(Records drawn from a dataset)
=== Section Start ===
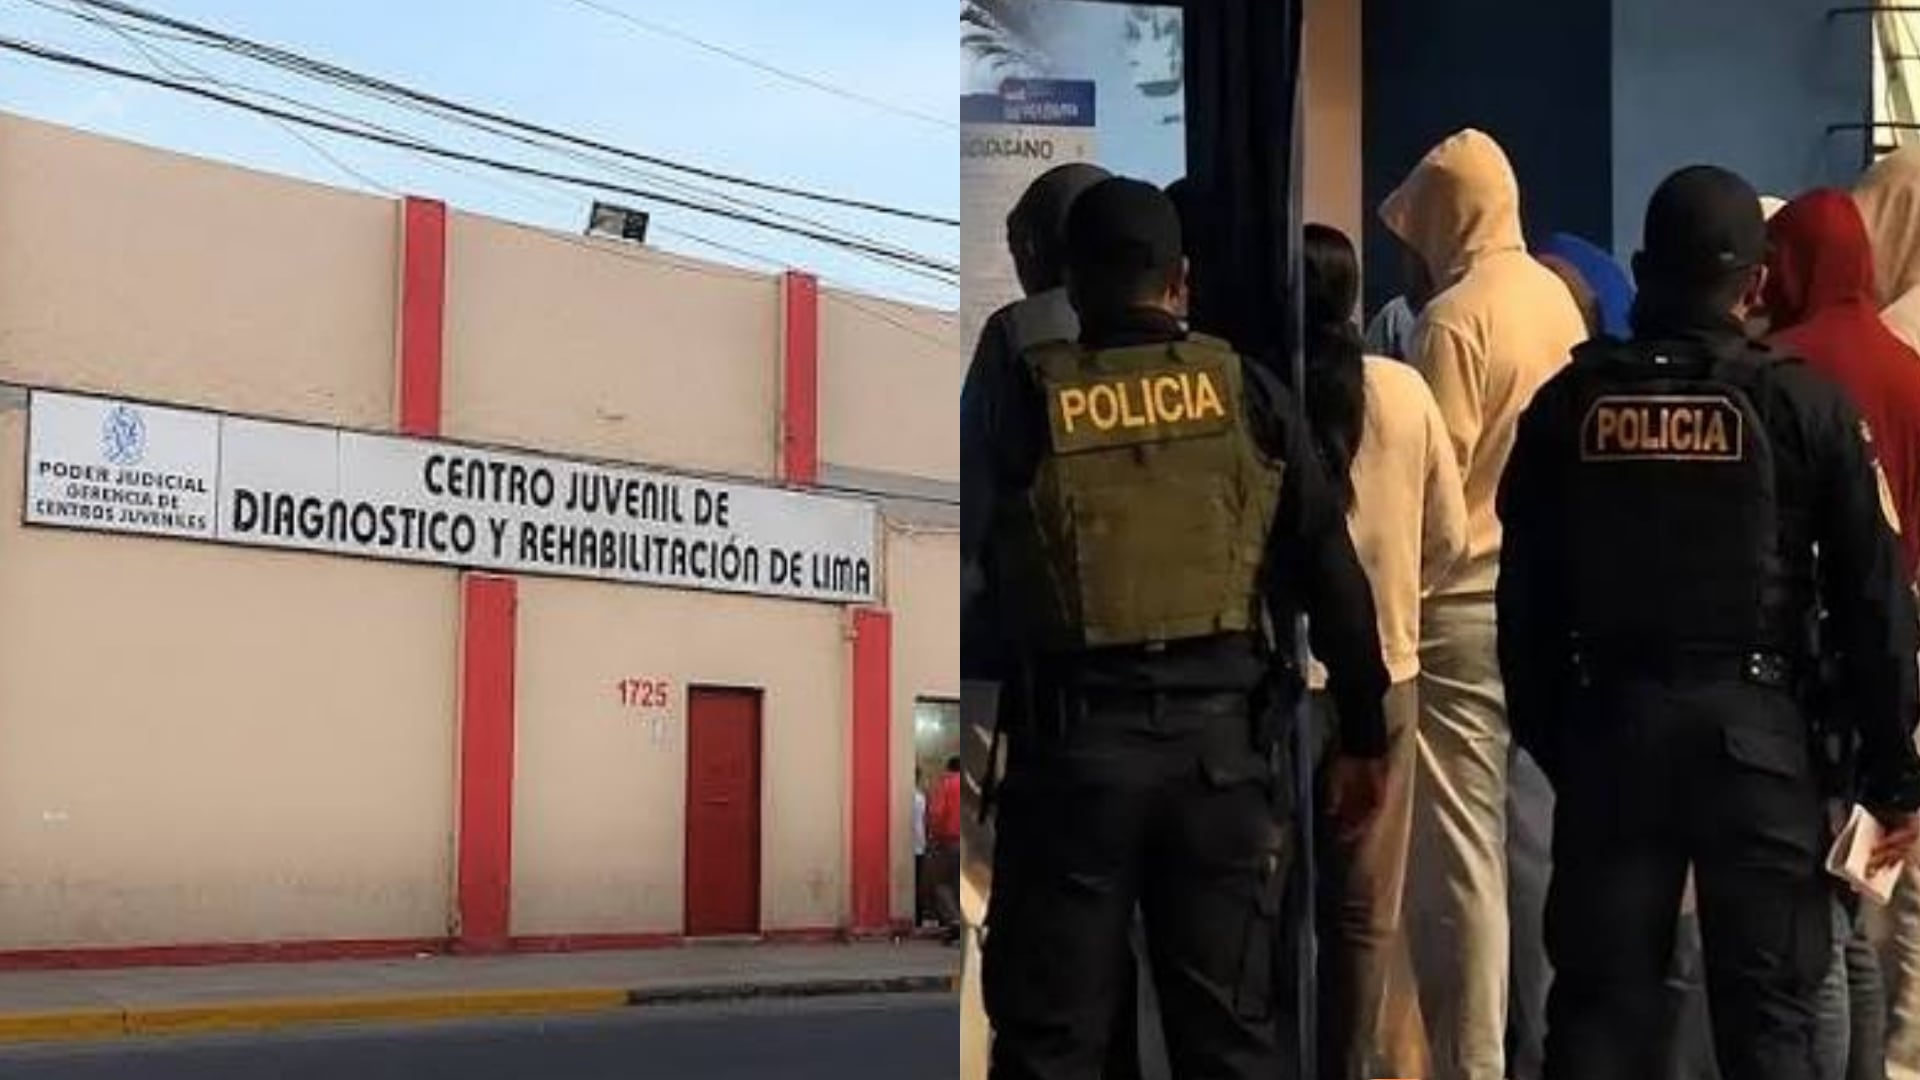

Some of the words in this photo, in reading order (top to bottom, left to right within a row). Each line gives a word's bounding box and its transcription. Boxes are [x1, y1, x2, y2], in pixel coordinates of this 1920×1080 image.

[1060, 372, 1225, 433] POLICIA
[1597, 407, 1729, 451] POLICIA
[39, 461, 110, 483] PODER
[115, 468, 208, 493] JUDICIAL
[424, 454, 556, 507] CENTRO
[565, 470, 684, 524] JUVENIL
[694, 488, 729, 528] DE
[36, 499, 115, 522] CENTROS
[119, 510, 207, 530] JUVENILES
[66, 483, 153, 506] GERENCIA
[158, 495, 179, 510] DE
[233, 488, 476, 554] DIAGNOSTICO
[488, 516, 509, 558] Y
[520, 521, 760, 585] REHABILITACIÓN
[770, 548, 802, 586] DE
[812, 553, 871, 595] LIMA
[617, 679, 668, 707] 1725
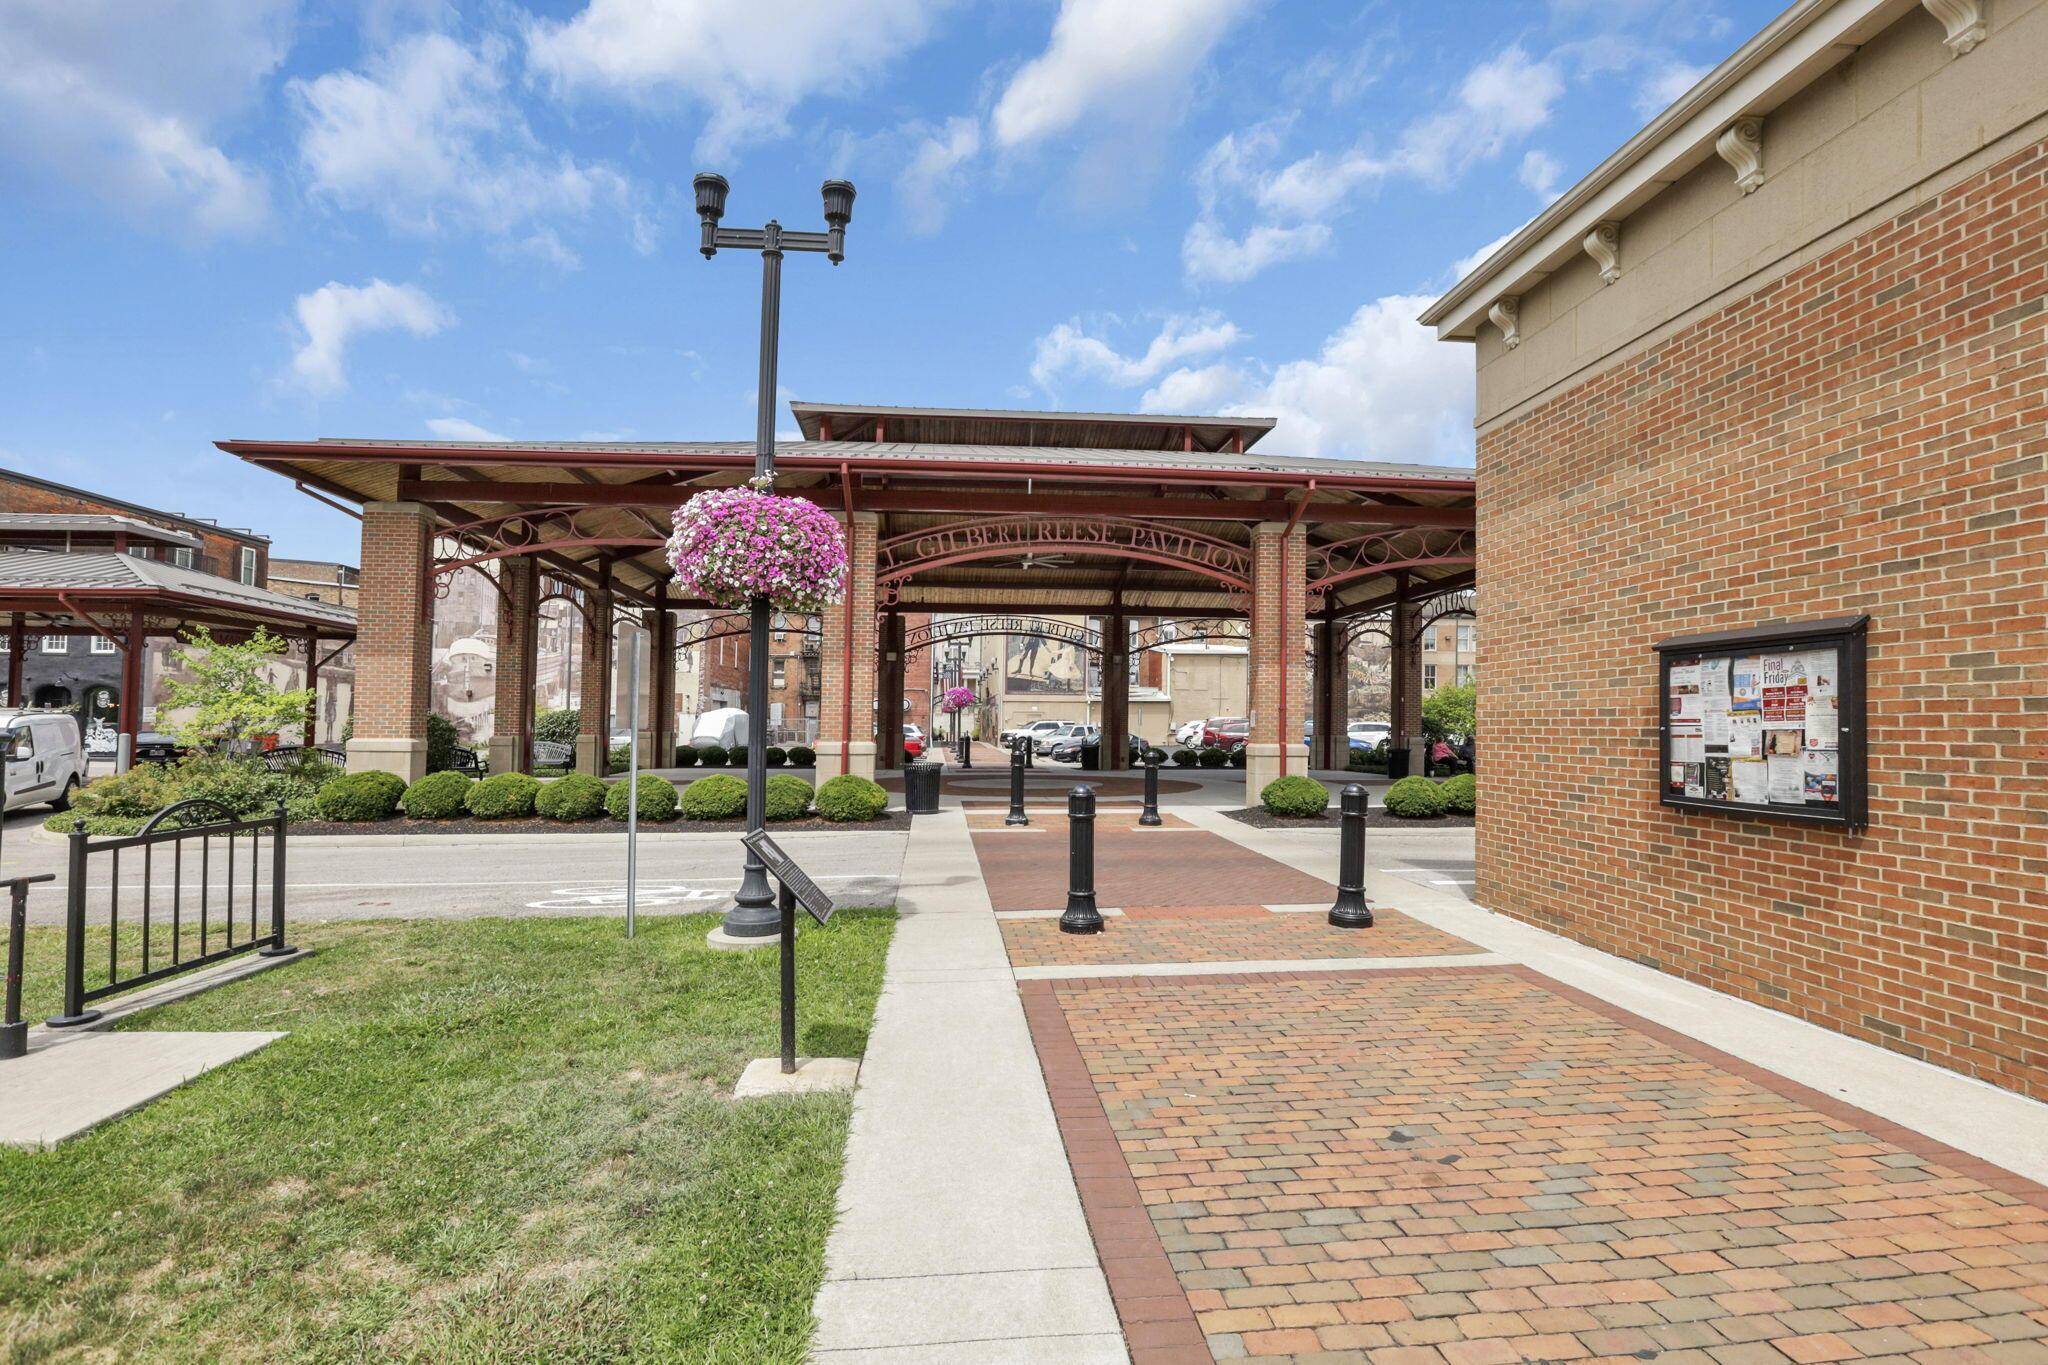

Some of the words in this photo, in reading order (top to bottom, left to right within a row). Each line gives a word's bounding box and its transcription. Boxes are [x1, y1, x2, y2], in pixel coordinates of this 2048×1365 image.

[916, 522, 1026, 559] GILBERT
[1038, 521, 1117, 542] REESE
[1130, 527, 1250, 577] PAVILION
[1763, 658, 1783, 671] Final
[1764, 672, 1789, 685] Friday
=== Section End ===
Task:
From the first line to the last, output the data exactly; skip any pictures.

Answer below:
Some of the words in this photo, in reading order (top to bottom, left to right within a row). Each line gives a word's bounding box and its transcription. Boxes are [x1, y1, x2, y2], in pixel coordinates of this 1920×1080 image.

[1060, 372, 1225, 433] POLICIA
[1597, 407, 1729, 451] POLICIA
[39, 461, 110, 483] PODER
[115, 468, 208, 493] JUDICIAL
[424, 454, 556, 507] CENTRO
[565, 470, 684, 524] JUVENIL
[694, 488, 729, 528] DE
[36, 499, 115, 522] CENTROS
[119, 510, 207, 530] JUVENILES
[66, 483, 153, 506] GERENCIA
[158, 495, 179, 510] DE
[233, 488, 476, 554] DIAGNOSTICO
[488, 516, 509, 558] Y
[520, 521, 760, 585] REHABILITACIÓN
[770, 548, 802, 586] DE
[812, 553, 871, 595] LIMA
[617, 679, 668, 707] 1725

Some of the words in this photo, in reading order (top to bottom, left to right within a row). Each line gives a word's bounding box and its transcription. Boxes are [x1, y1, x2, y2], in pixel coordinates of this 2048×1365 image.

[916, 522, 1026, 559] GILBERT
[1038, 521, 1117, 542] REESE
[1130, 527, 1250, 577] PAVILION
[1763, 658, 1783, 671] Final
[1764, 672, 1789, 685] Friday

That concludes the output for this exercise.